» **Description of the task**:
Where an image occurs, skip it and print the rest of the records verbatim.

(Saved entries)
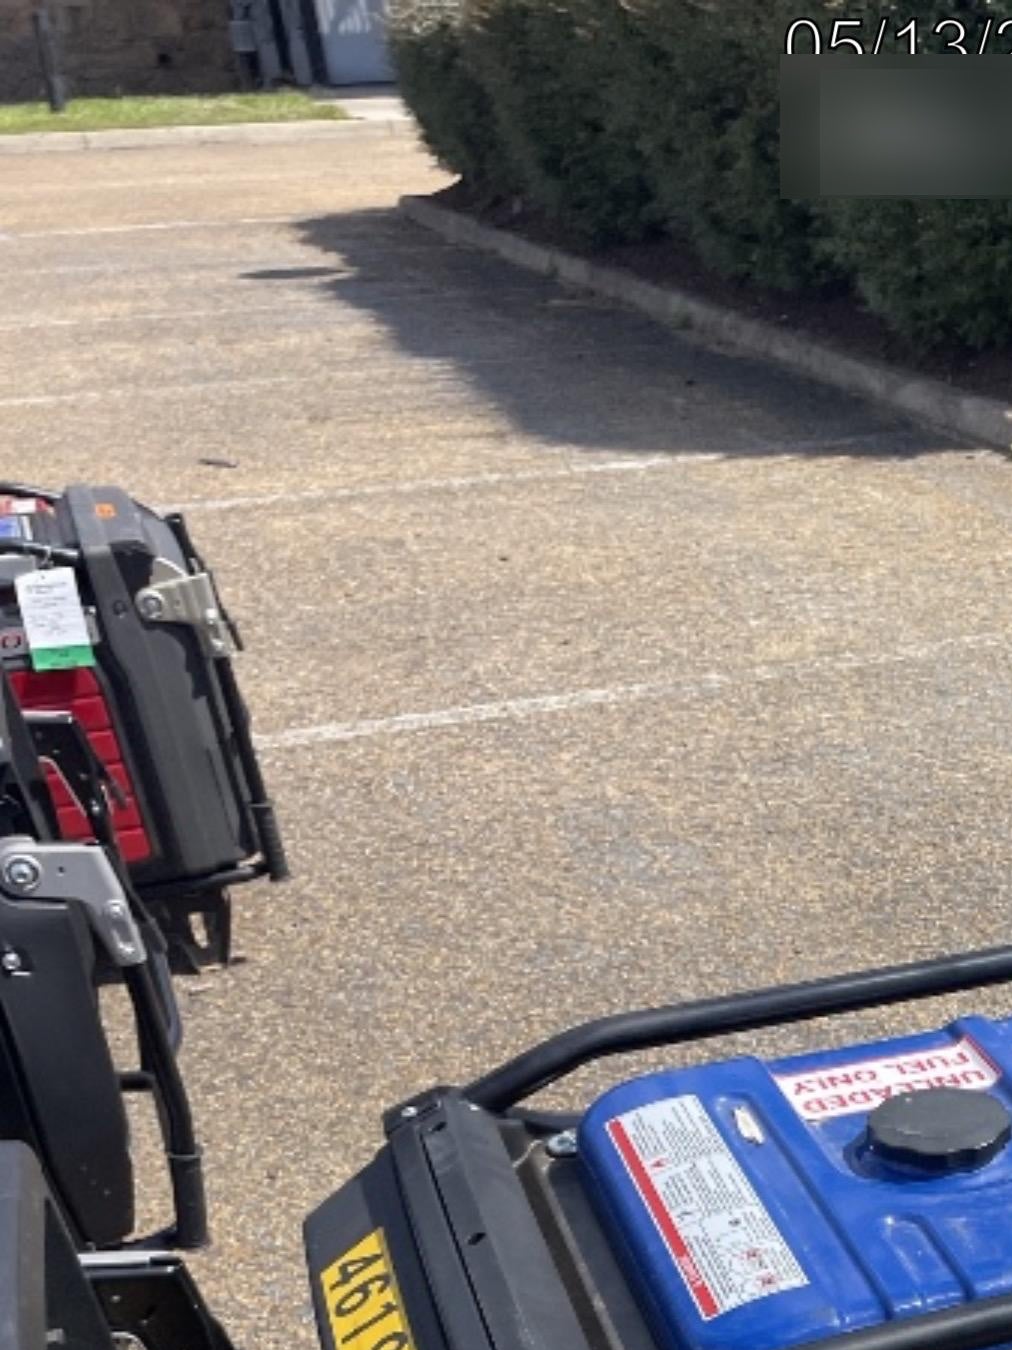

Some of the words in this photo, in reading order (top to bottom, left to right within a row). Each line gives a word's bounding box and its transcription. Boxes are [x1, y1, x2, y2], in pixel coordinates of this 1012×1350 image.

[883, 1051, 970, 1075] FUEL
[794, 1070, 878, 1096] ONLY
[803, 1070, 986, 1113] UNLEADED
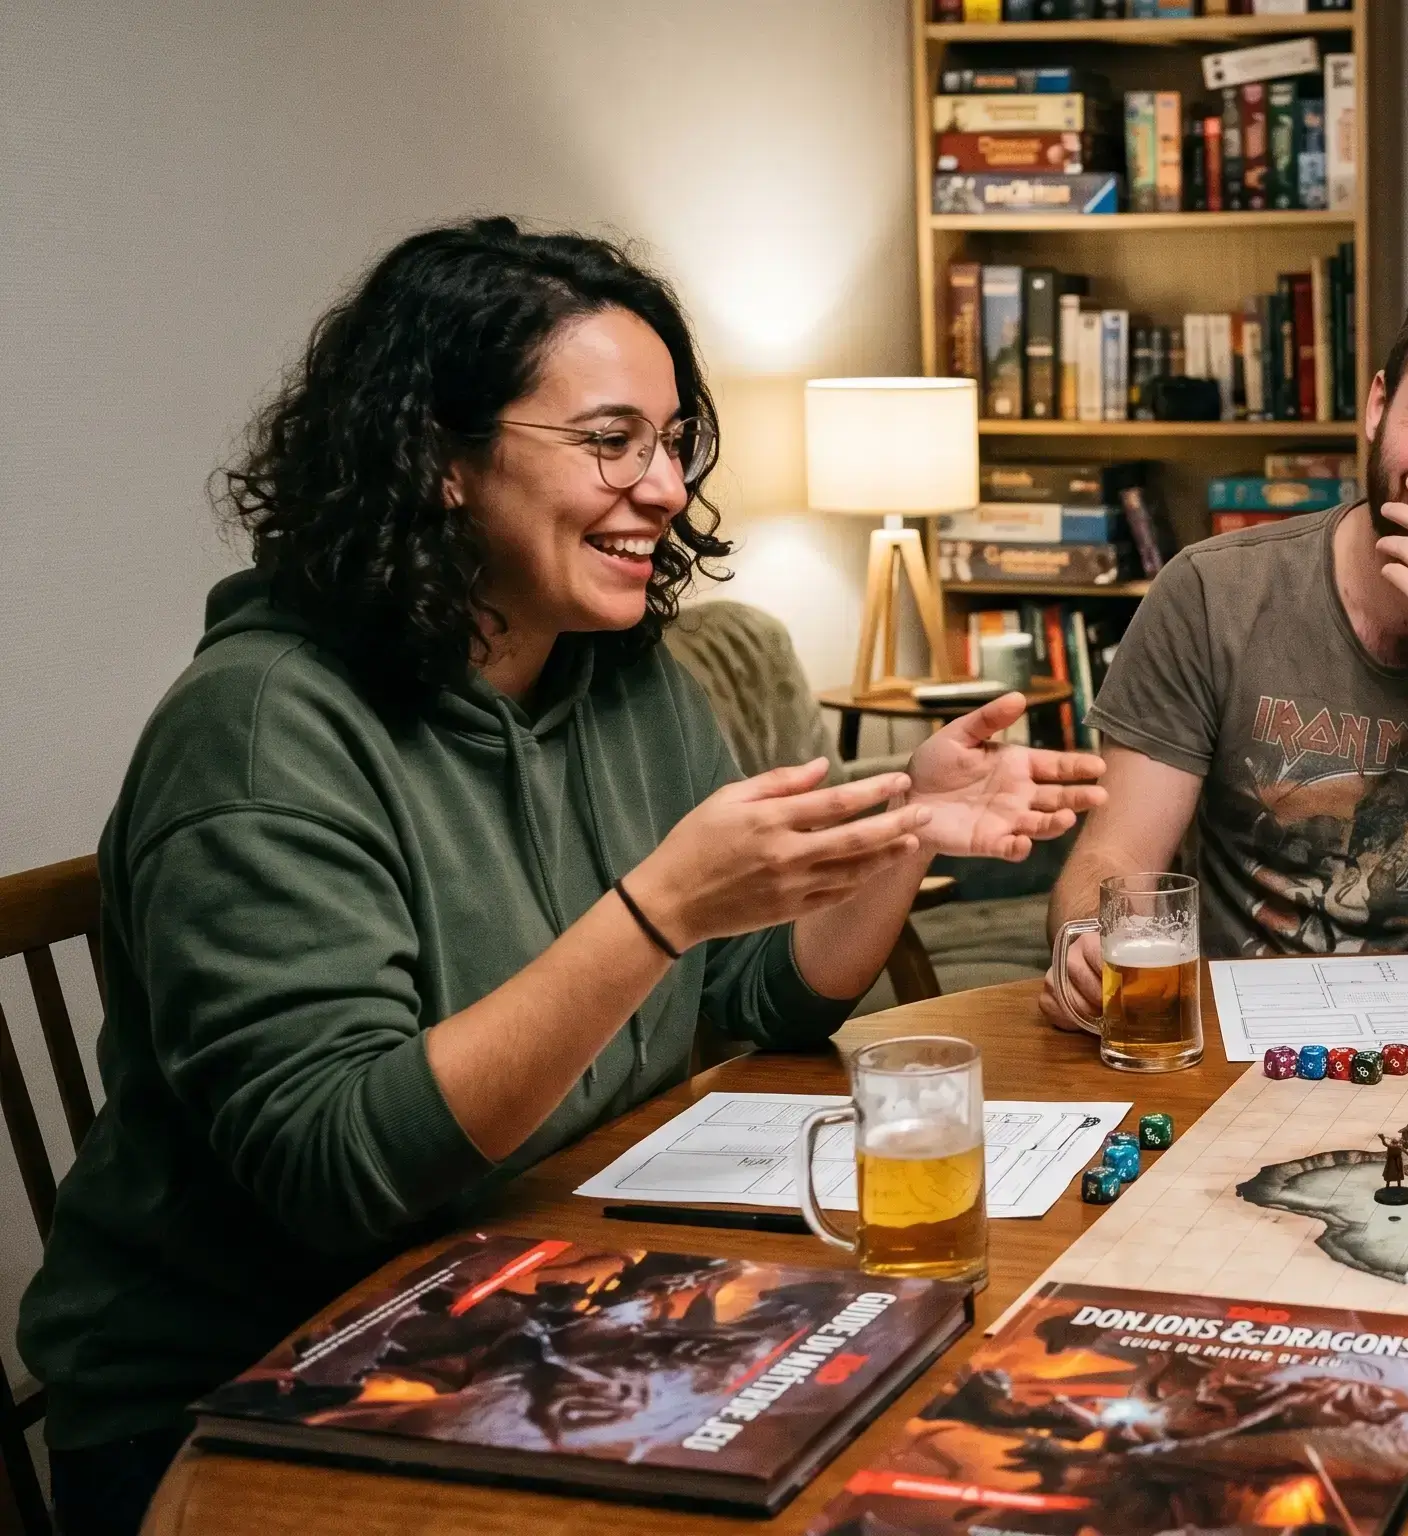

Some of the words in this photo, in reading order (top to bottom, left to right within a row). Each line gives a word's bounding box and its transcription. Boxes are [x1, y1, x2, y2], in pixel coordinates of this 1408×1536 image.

[1252, 695, 1371, 778] IRON
[817, 1292, 897, 1337] GUIDE
[1070, 1306, 1223, 1339] DONJONS
[1119, 1336, 1172, 1351] GUIDE
[682, 1416, 744, 1452] JEU

» **Answer to this problem**:
Some of the words in this photo, in reading order (top to bottom, left to right within a row). Each line gives a word's bounding box and its transcription. Boxes are [x1, y1, x2, y2], in pixel coordinates of this 1012×1350 image.

[883, 1051, 970, 1075] FUEL
[794, 1070, 878, 1096] ONLY
[803, 1070, 986, 1113] UNLEADED

Some of the words in this photo, in reading order (top to bottom, left to right within a row). Each line gives a word's bounding box and its transcription. Boxes are [x1, y1, x2, y2], in pixel coordinates of this 1408×1536 image.

[1252, 695, 1371, 778] IRON
[817, 1292, 897, 1337] GUIDE
[1070, 1306, 1223, 1339] DONJONS
[1119, 1336, 1172, 1351] GUIDE
[682, 1416, 744, 1452] JEU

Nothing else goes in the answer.